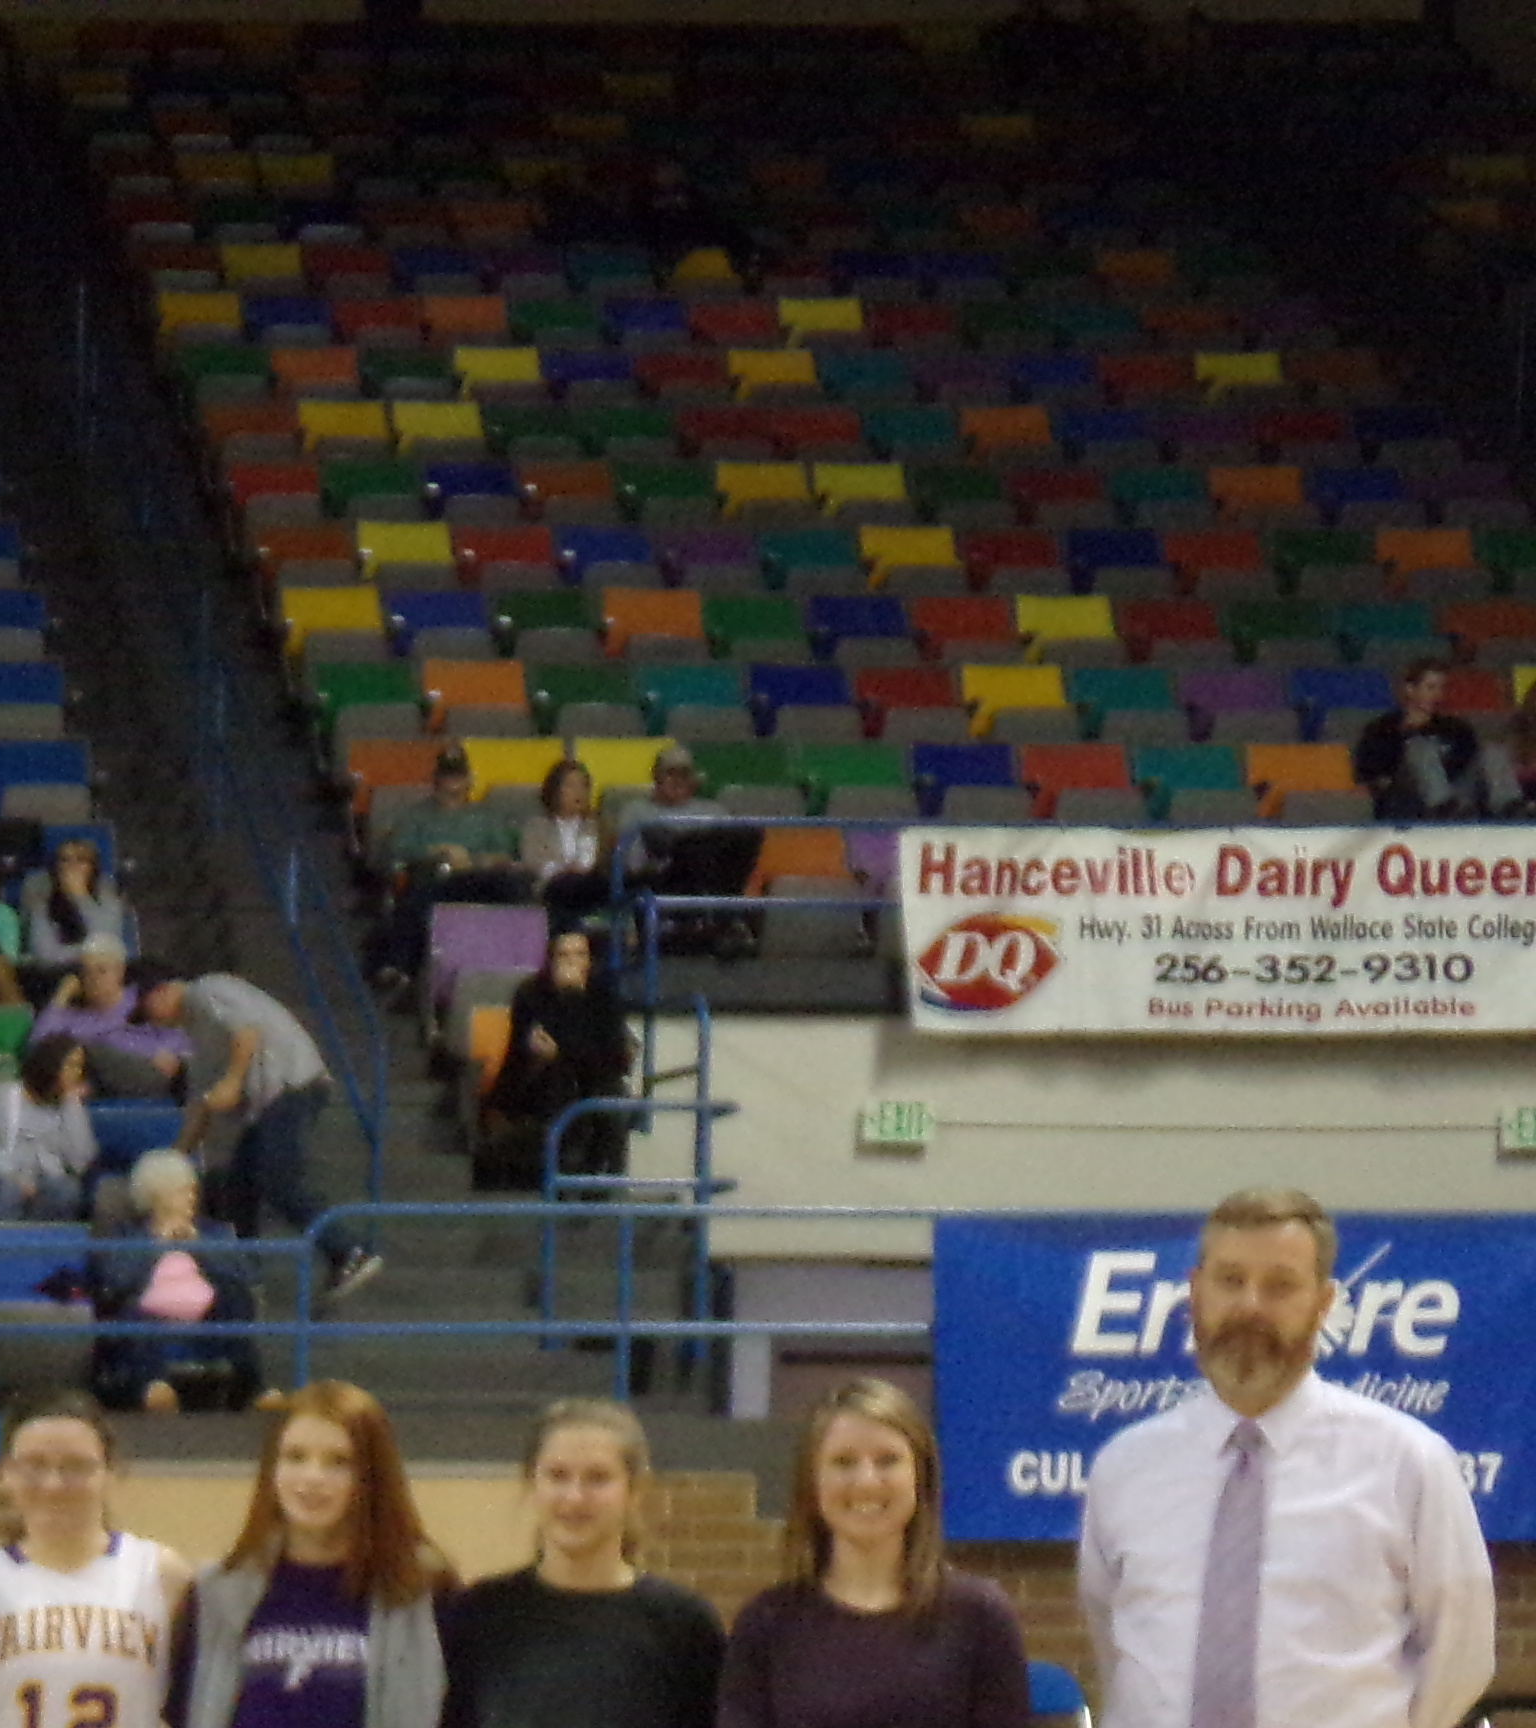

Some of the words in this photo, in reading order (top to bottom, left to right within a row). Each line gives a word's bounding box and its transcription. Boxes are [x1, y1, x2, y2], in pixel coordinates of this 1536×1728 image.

[919, 842, 1196, 896] Hanceville
[1215, 843, 1357, 909] Dairy
[1244, 916, 1301, 941] From
[1311, 914, 1394, 941] Wallace
[1404, 913, 1459, 939] State
[934, 930, 1037, 992] DQ
[1154, 953, 1475, 984] 256-352-9310
[1148, 998, 1194, 1016] Bus
[1206, 998, 1323, 1022] Parking
[1335, 997, 1478, 1018] Available
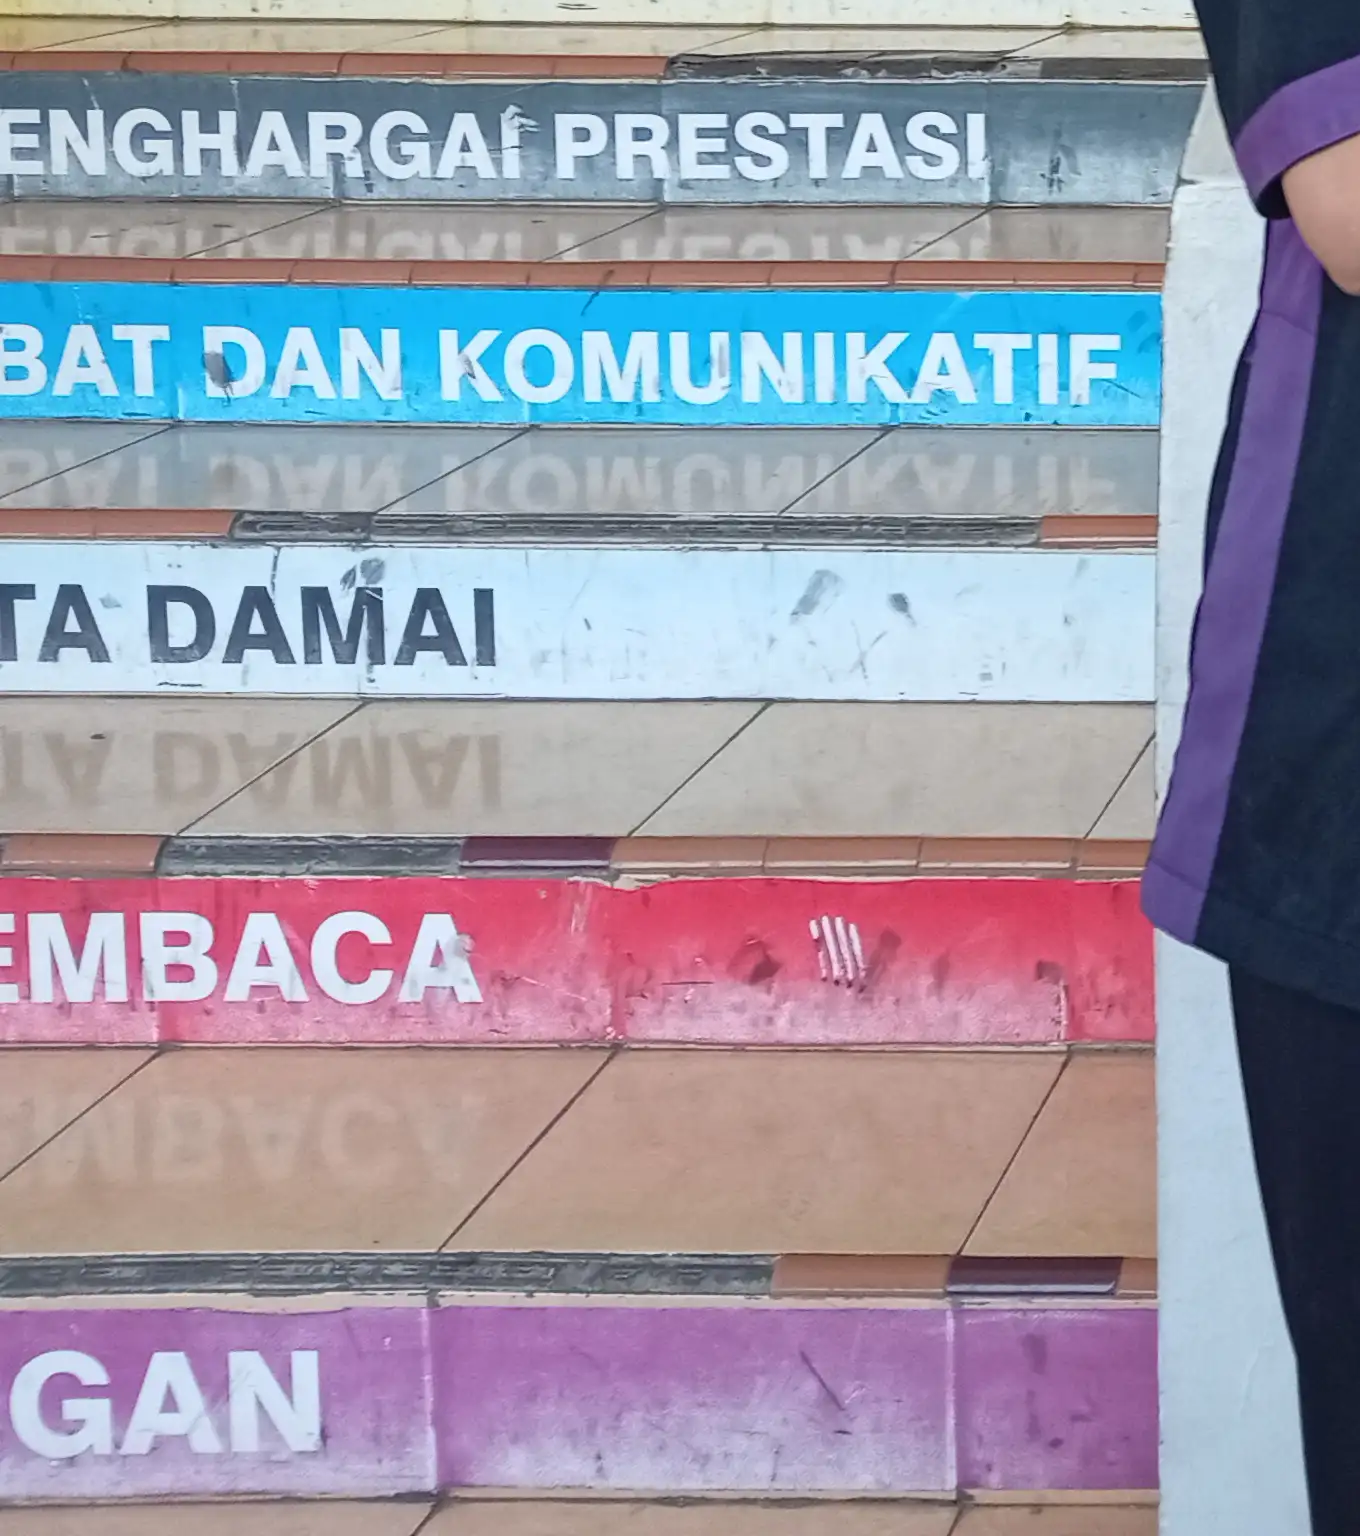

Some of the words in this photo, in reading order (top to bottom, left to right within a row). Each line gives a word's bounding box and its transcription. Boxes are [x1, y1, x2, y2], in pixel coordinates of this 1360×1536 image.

[0, 108, 525, 181] ENGHARGAI
[555, 112, 988, 180] PRESTASI
[0, 323, 170, 398] BAT
[203, 324, 403, 402] DAN
[439, 328, 1121, 406] KOMUNIKATIF
[146, 583, 497, 667] DAMAI
[9, 1349, 321, 1460] GAN
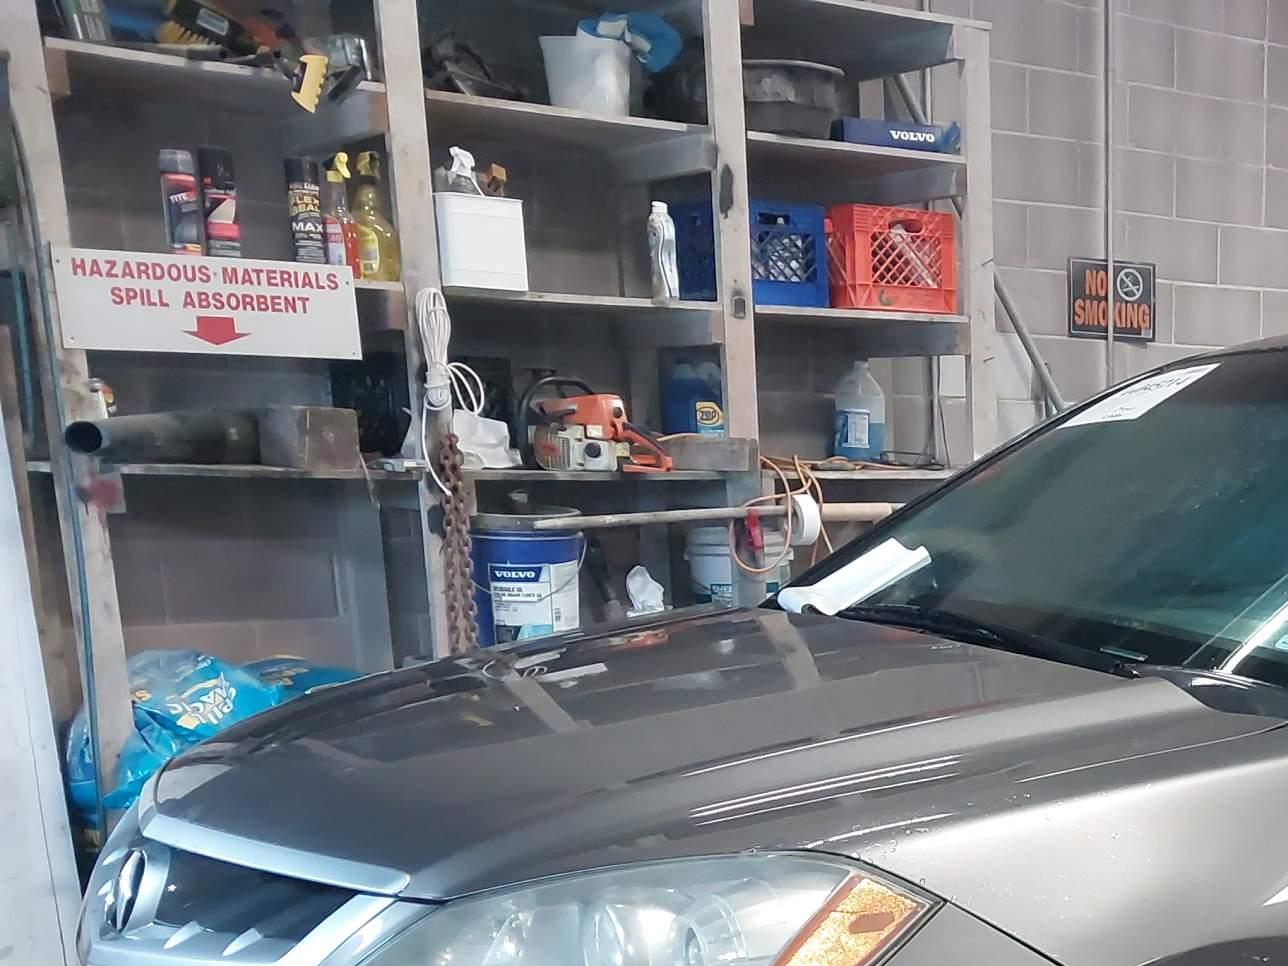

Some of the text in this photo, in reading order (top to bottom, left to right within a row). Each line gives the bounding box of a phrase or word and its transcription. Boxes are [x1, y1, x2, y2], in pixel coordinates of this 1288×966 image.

[889, 129, 936, 143] VOLVO
[292, 221, 324, 233] MAX
[71, 257, 340, 291] HAZARDOUS MATERIALS
[1085, 269, 1108, 297] NO
[110, 286, 310, 314] SPILL ABSORBENT
[1074, 298, 1150, 329] SMOKING
[494, 570, 536, 579] VOLVO
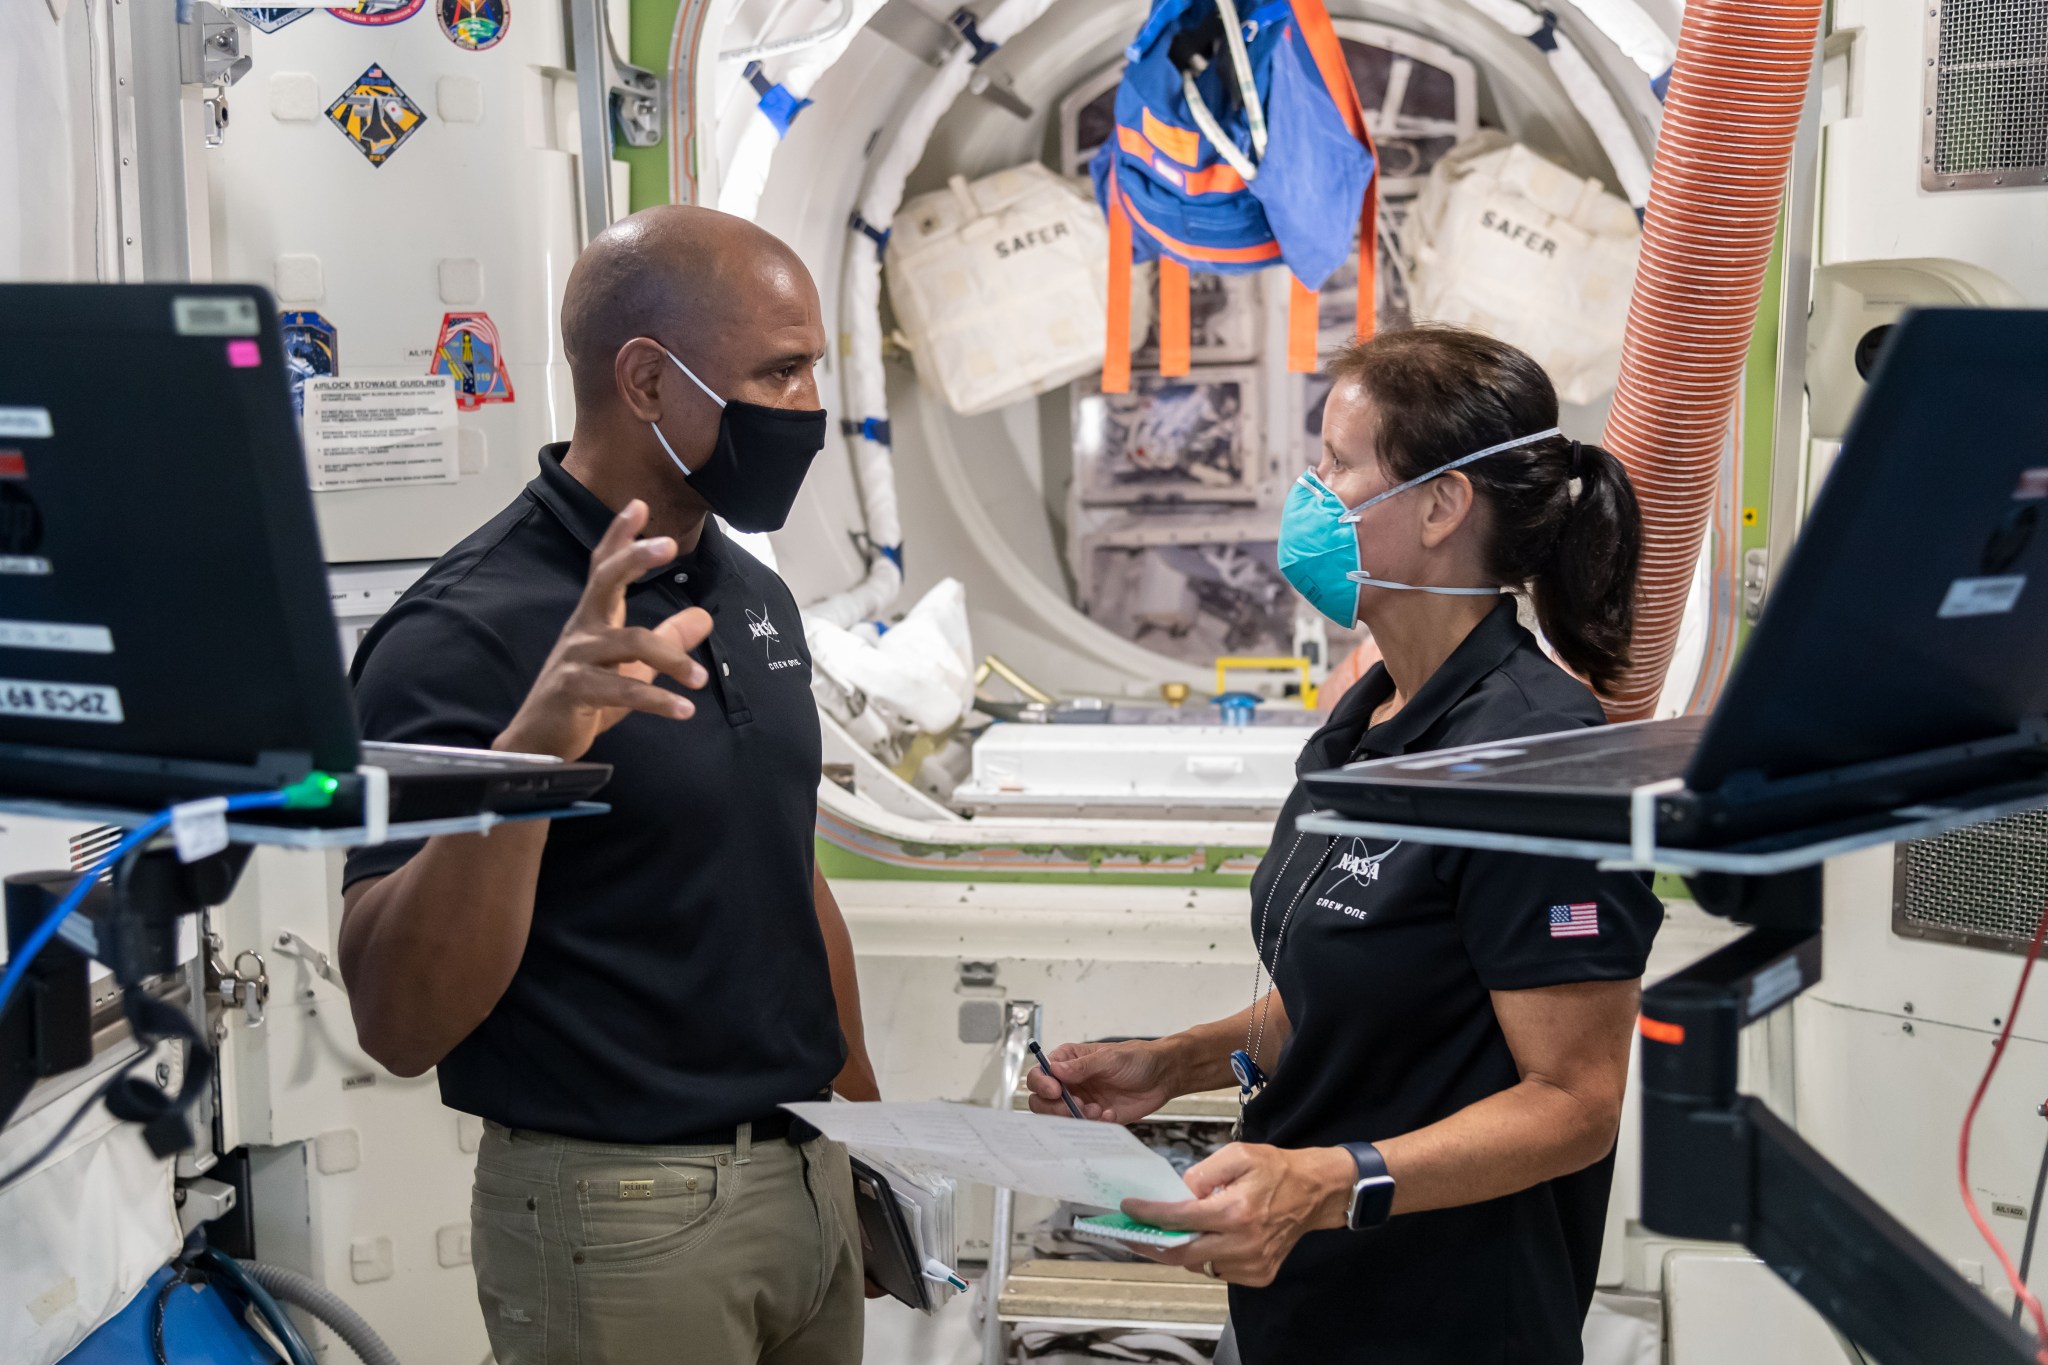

■ Work request: Output every entry above verbatim, but leave out the pictures.

■ Your response:
Some of the words in this photo, in reading order (top to bottom, left to right within a row). Each line gives a word's bounding box and its transcription. Boxes are [x1, y1, x2, y2], in pixel coordinates of this 1536×1728 image.

[919, 842, 1196, 896] Hanceville
[1215, 843, 1357, 909] Dairy
[1244, 916, 1301, 941] From
[1311, 914, 1394, 941] Wallace
[1404, 913, 1459, 939] State
[934, 930, 1037, 992] DQ
[1154, 953, 1475, 984] 256-352-9310
[1148, 998, 1194, 1016] Bus
[1206, 998, 1323, 1022] Parking
[1335, 997, 1478, 1018] Available

Some of the words in this photo, in reading order (top to bottom, left to right within a row). Each line gives a word's bounding box and its transcription. Boxes are [x1, y1, x2, y2], in pixel coordinates of this 1360×1536 image.

[0, 108, 525, 181] ENGHARGAI
[555, 112, 988, 180] PRESTASI
[0, 323, 170, 398] BAT
[203, 324, 403, 402] DAN
[439, 328, 1121, 406] KOMUNIKATIF
[146, 583, 497, 667] DAMAI
[9, 1349, 321, 1460] GAN

Some of the text in this photo, in reading order (top to bottom, left to right within a row). Each line gives the bounding box of a phrase or word and its transcription. Boxes are [x1, y1, x2, y2], in pixel coordinates of this 1288×966 image.

[889, 129, 936, 143] VOLVO
[292, 221, 324, 233] MAX
[71, 257, 340, 291] HAZARDOUS MATERIALS
[1085, 269, 1108, 297] NO
[110, 286, 310, 314] SPILL ABSORBENT
[1074, 298, 1150, 329] SMOKING
[494, 570, 536, 579] VOLVO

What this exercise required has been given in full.